### Work request
Transcribe every entry verbatim; omit pictures.
--- Records to use ---
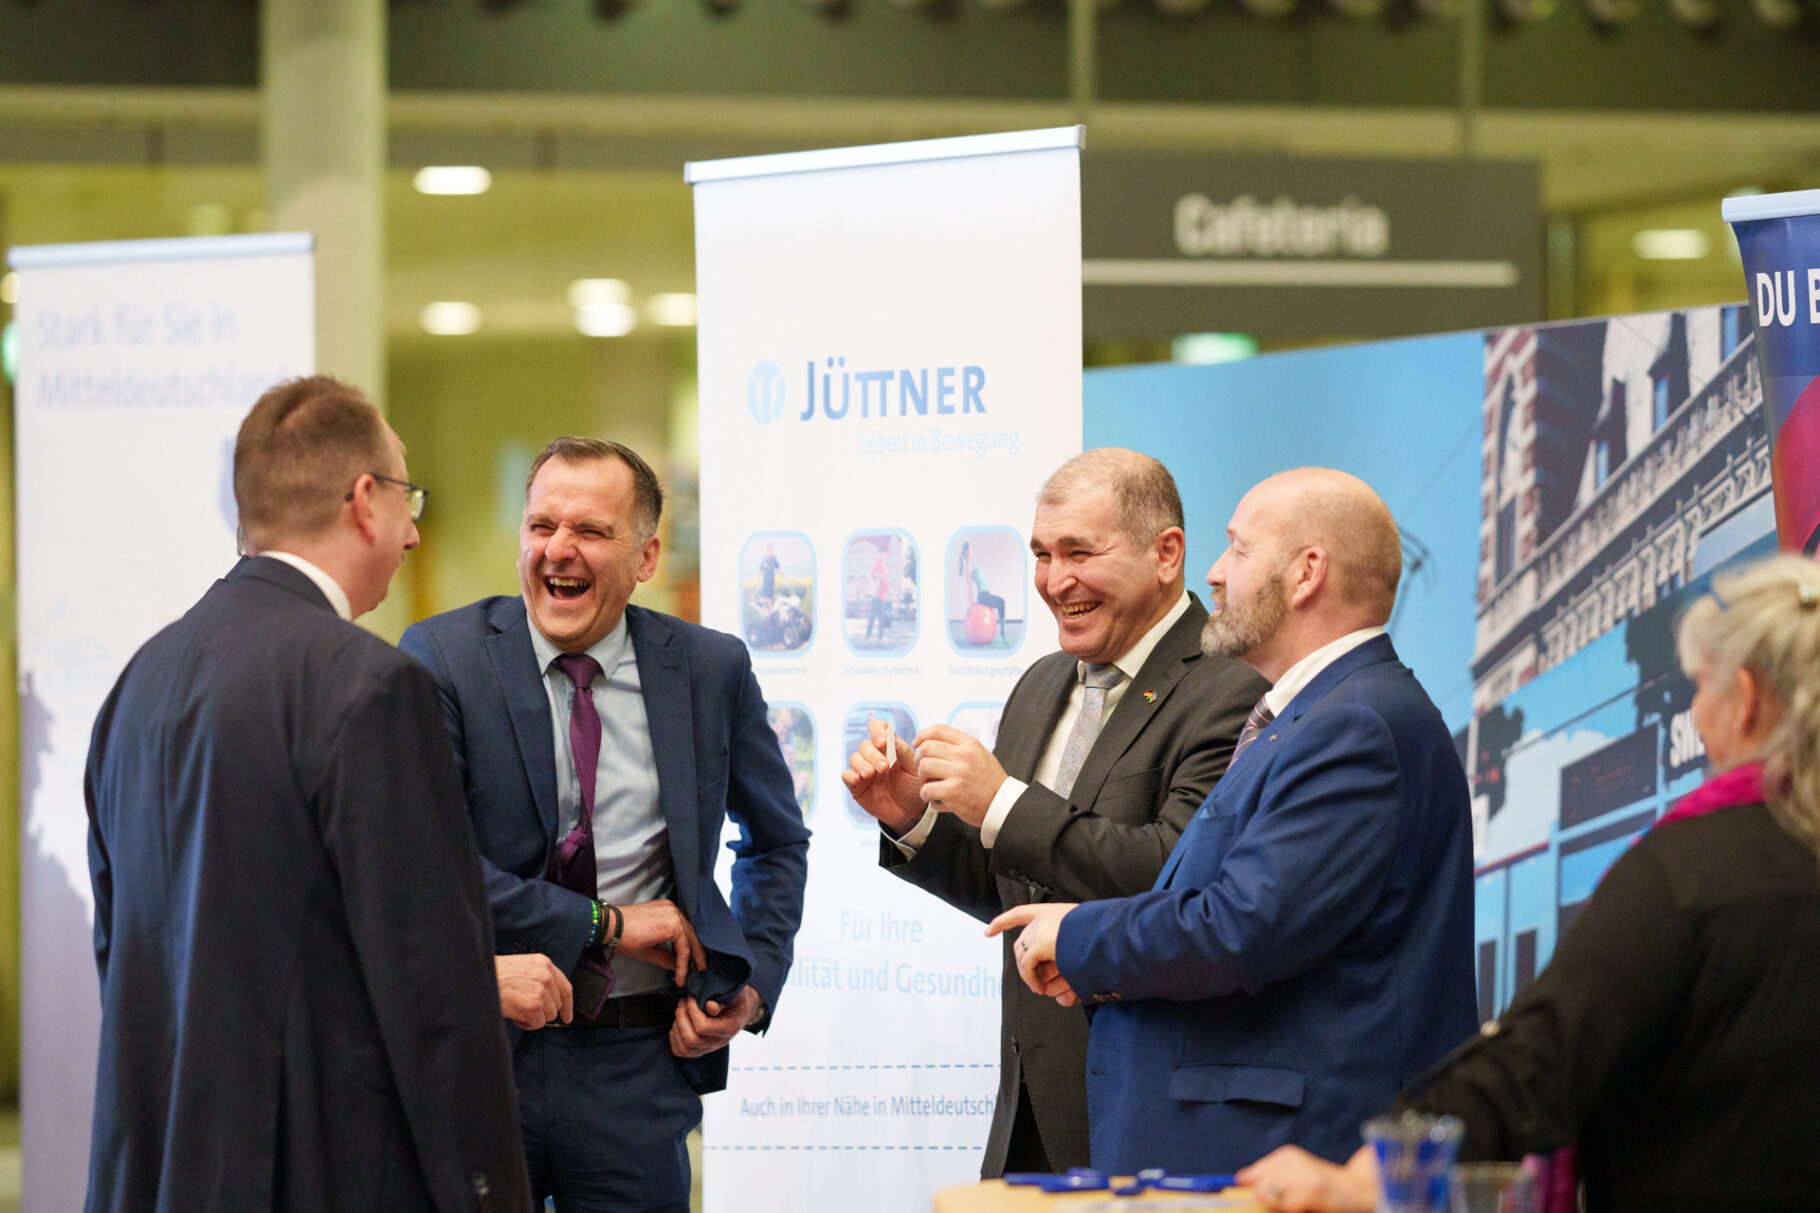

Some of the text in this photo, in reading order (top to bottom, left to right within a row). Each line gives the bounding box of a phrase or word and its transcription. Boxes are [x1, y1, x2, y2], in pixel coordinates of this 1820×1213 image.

[1174, 194, 1389, 257] Cafeteria
[1756, 270, 1796, 327] DU
[38, 301, 239, 350] Stark für Sie in
[38, 361, 289, 410] Mitteldeutschlan
[800, 355, 987, 422] JÜTTNER
[861, 429, 1019, 458] Leben in Bewegung
[840, 908, 923, 943] Für Ihre
[791, 955, 841, 989] ilität
[848, 960, 888, 991] und
[739, 1093, 997, 1117] Auch in Ihrer Nähe in Mitteldeutsch
---
### Answer for this exercise
Some of the text in this photo, in reading order (top to bottom, left to right within a row). Each line gives the bounding box of a phrase or word and its transcription. Boxes are [x1, y1, x2, y2], in pixel coordinates of this 1820×1213 image.

[1174, 194, 1389, 257] Cafeteria
[1756, 270, 1796, 327] DU
[38, 301, 239, 350] Stark für Sie in
[38, 361, 289, 410] Mitteldeutschlan
[800, 355, 987, 422] JÜTTNER
[861, 429, 1019, 458] Leben in Bewegung
[840, 908, 923, 943] Für Ihre
[791, 955, 841, 989] ilität
[848, 960, 888, 991] und
[739, 1093, 997, 1117] Auch in Ihrer Nähe in Mitteldeutsch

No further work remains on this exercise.